DESCRIPTION OF THE TASK:
Please give the records below again in full, exactly, with the images left out.

▼

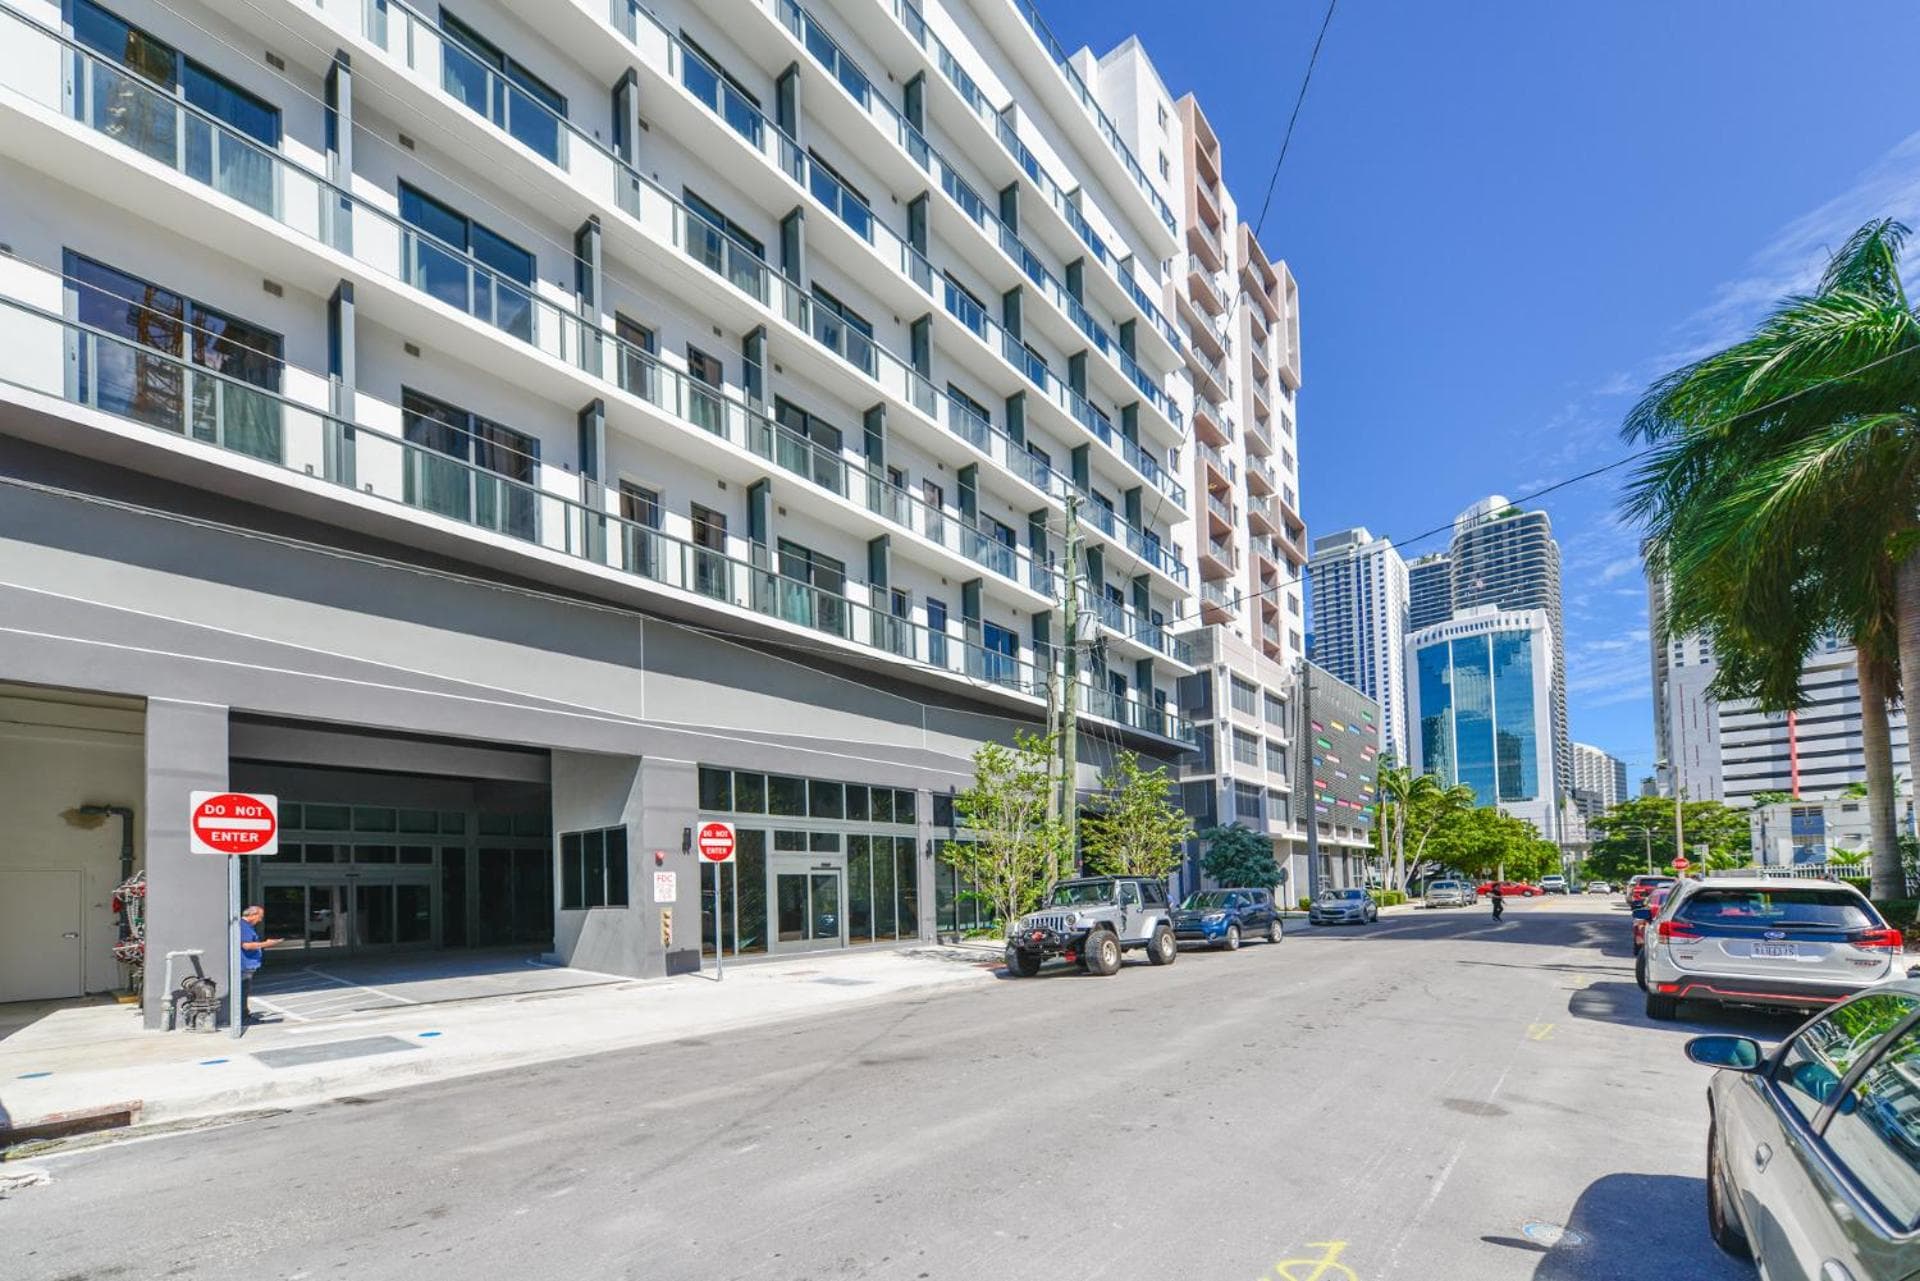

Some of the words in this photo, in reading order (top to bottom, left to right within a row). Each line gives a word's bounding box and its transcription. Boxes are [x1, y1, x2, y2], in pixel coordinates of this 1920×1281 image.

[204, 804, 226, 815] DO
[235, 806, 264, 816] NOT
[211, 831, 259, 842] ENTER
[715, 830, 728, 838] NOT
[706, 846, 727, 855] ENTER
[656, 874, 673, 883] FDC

▲

ANSWER BOX:
Some of the words in this photo, in reading order (top to bottom, left to right within a row). Each line gives a word's bounding box and its transcription. Boxes are [x1, y1, x2, y2], in pixel coordinates of this 1920×1281 image.

[204, 804, 226, 815] DO
[235, 806, 264, 816] NOT
[211, 831, 259, 842] ENTER
[715, 830, 728, 838] NOT
[706, 846, 727, 855] ENTER
[656, 874, 673, 883] FDC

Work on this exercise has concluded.